Father, son team up to provide overdose prevention training

Father, son team up to provide overdose prevention training
Alex Rubin presenting about the risks of drug overdose and fentanyl for teenagers. (Photo courtesy of Edward Rubin)

Roslyn High School junior Alex Rubin helped save another student’s life from a potential overdose at a party. Using his lifeguard training and what his dad referred to as common sense, Alex Rubin was able to provide her with medical attention and called for paramedics who administered Narcan, a life-saving overdose reversal drug, and transported her to the hospital.

Now he’s continuing to save lives by working with his dad, Edward Rubin, and partnering with Central Nassau Guidance and Counseling Services to provide overdose prevention information sessions and Narcan training to the North Shore.

Alex Rubin said he approached the unresponsive girl at the party to make sure she had a pulse and was breathing.

“She was, thank God,” he said.

As he was surrounded by some 50 high school kids trying to tell him what to do so that he would not call the police or first responders to avoid trouble, Alex Rubin refused to listen  and instead chose to go with what he knew was right.

The high school student said she was admitted to the hospital and recovered – a fortunate ending.

But that wasn’t true for their family friend, who unexpectedly died of an overdose.

Alex Rubin said the friend was just like any other high-achieving college student.
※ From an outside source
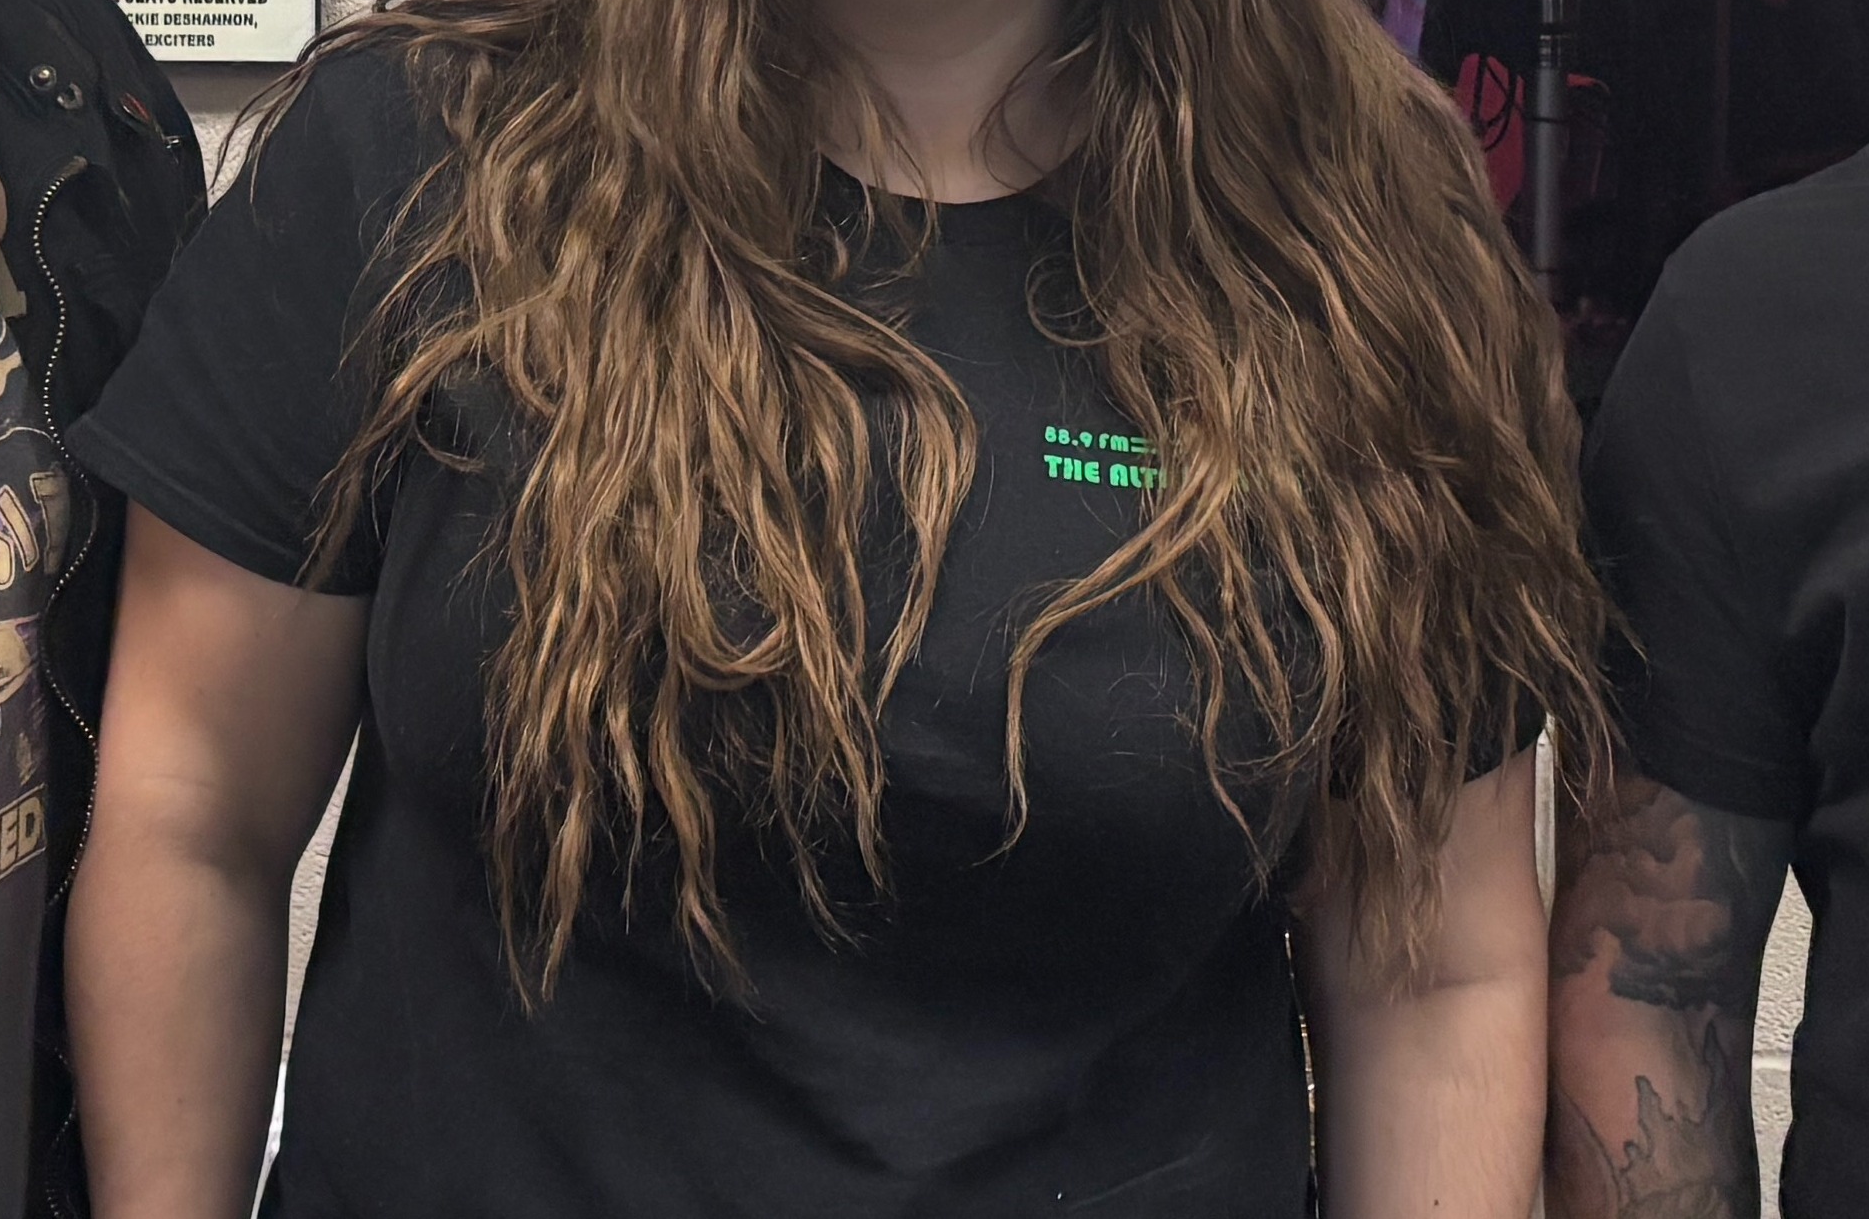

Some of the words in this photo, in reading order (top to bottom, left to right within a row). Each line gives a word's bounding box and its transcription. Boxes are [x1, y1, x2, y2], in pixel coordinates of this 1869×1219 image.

[145, 33, 216, 47] EXCITERS
[1043, 425, 1093, 449] 88.9
[1043, 454, 1100, 484] THE
While his death was tragic, Alex Rubin said it was unfortunately not a unique circumstance.

At a March 20 press conference, County Executive Bruce Blakeman said 270 overdose-related deaths were reported in Nassau County in 2021. Of those deaths, 190 were due to fentanyl.

The father and son started their program in November, but Alex Rubin said they had been brainstorming the idea since the beginning of 2022 in the wake of their family friend’s death.
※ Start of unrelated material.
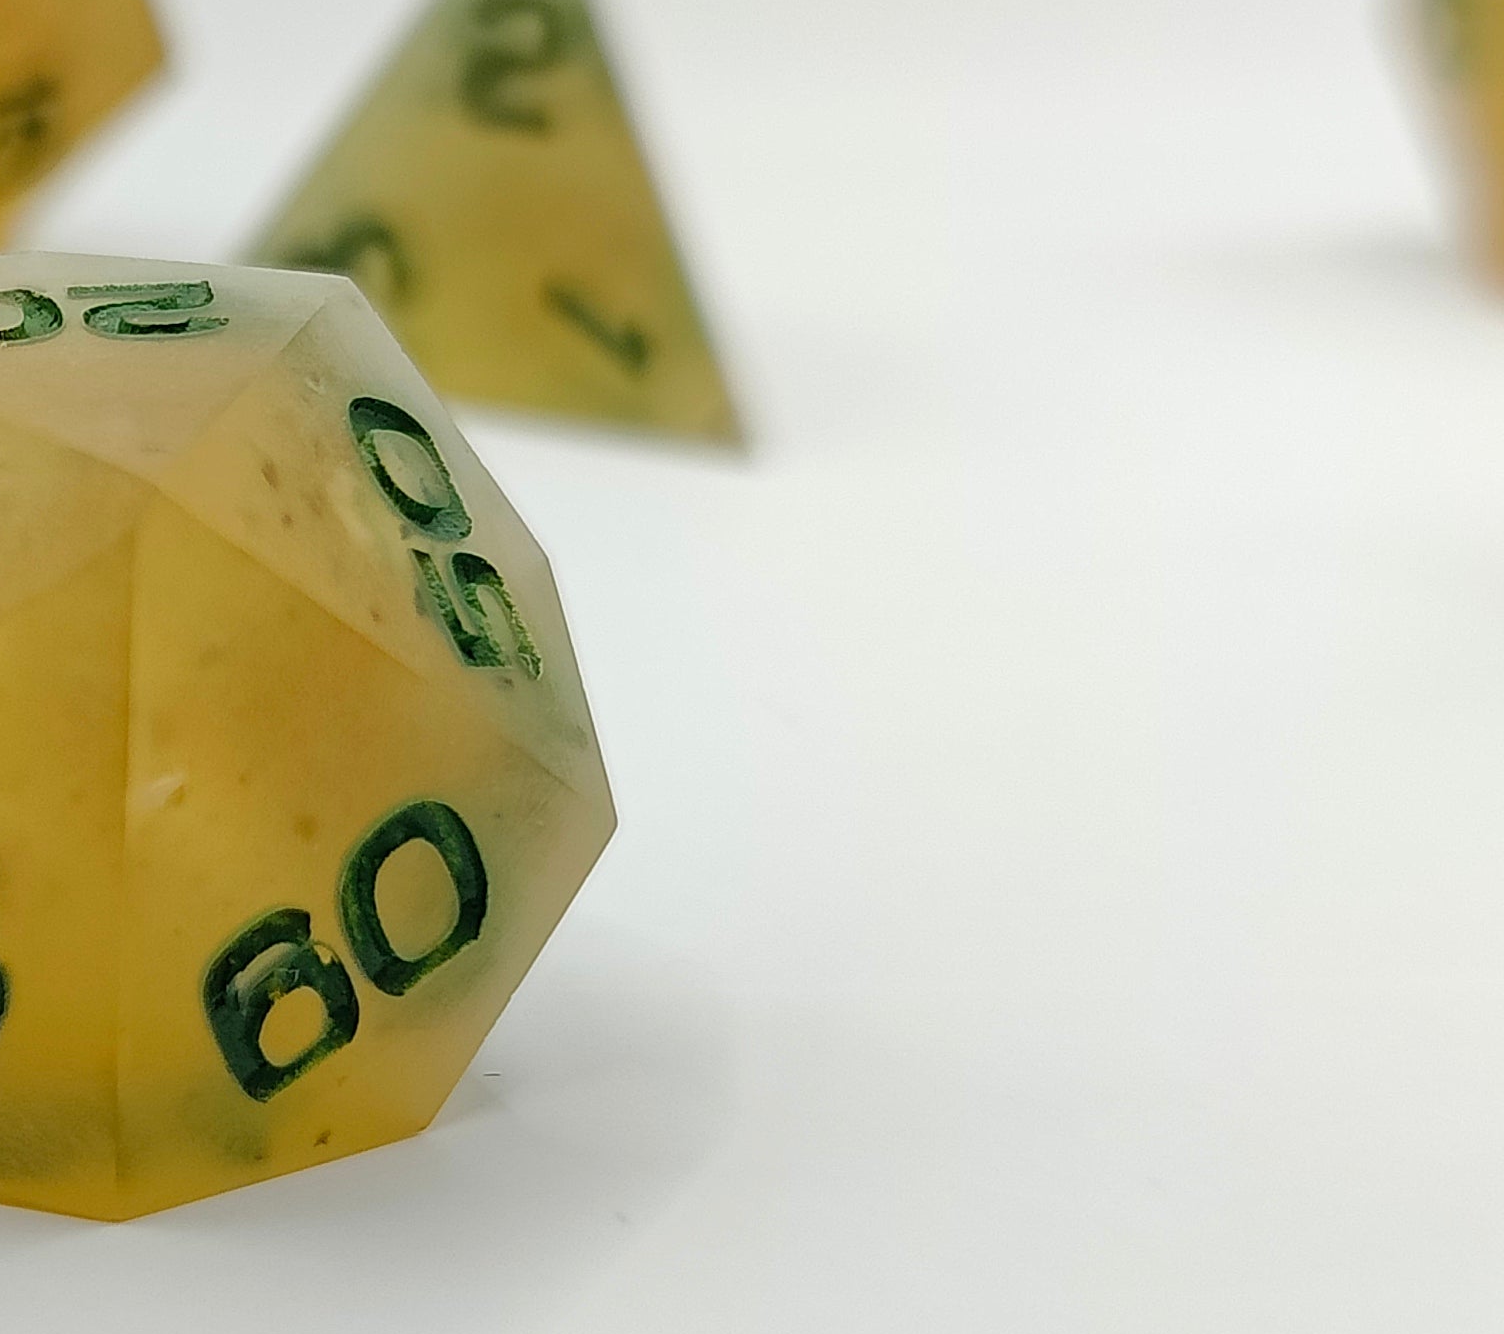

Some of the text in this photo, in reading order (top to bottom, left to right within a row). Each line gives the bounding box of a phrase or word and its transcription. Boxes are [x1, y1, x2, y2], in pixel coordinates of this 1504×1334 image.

[538, 278, 653, 377] 1
[349, 396, 543, 681] 50
[202, 799, 491, 1104] 60
Alex and Edward Rubin with the Village of East Hills officials for their Nov. 13 training. (Photo courtesy of Edward Rubin)

Edward Rubin said their purpose is to educate teenagers, their families and the broader community about the risk of fentanyl-laced substances and drug overdoses, combining it with comprehensive Narcan training to reverse an overdose if it does happen.

The father-son team with Kathie Lombardi, the outreach coordinator for the guidance and counseling center, have offered overdose prevention talks at the East Hills park, Temple Beth Shalom, two at Roslyn High School and at ​​Paul D. Schreiber High School. Their next session will be at the Shelter Rock Public Library on May 11.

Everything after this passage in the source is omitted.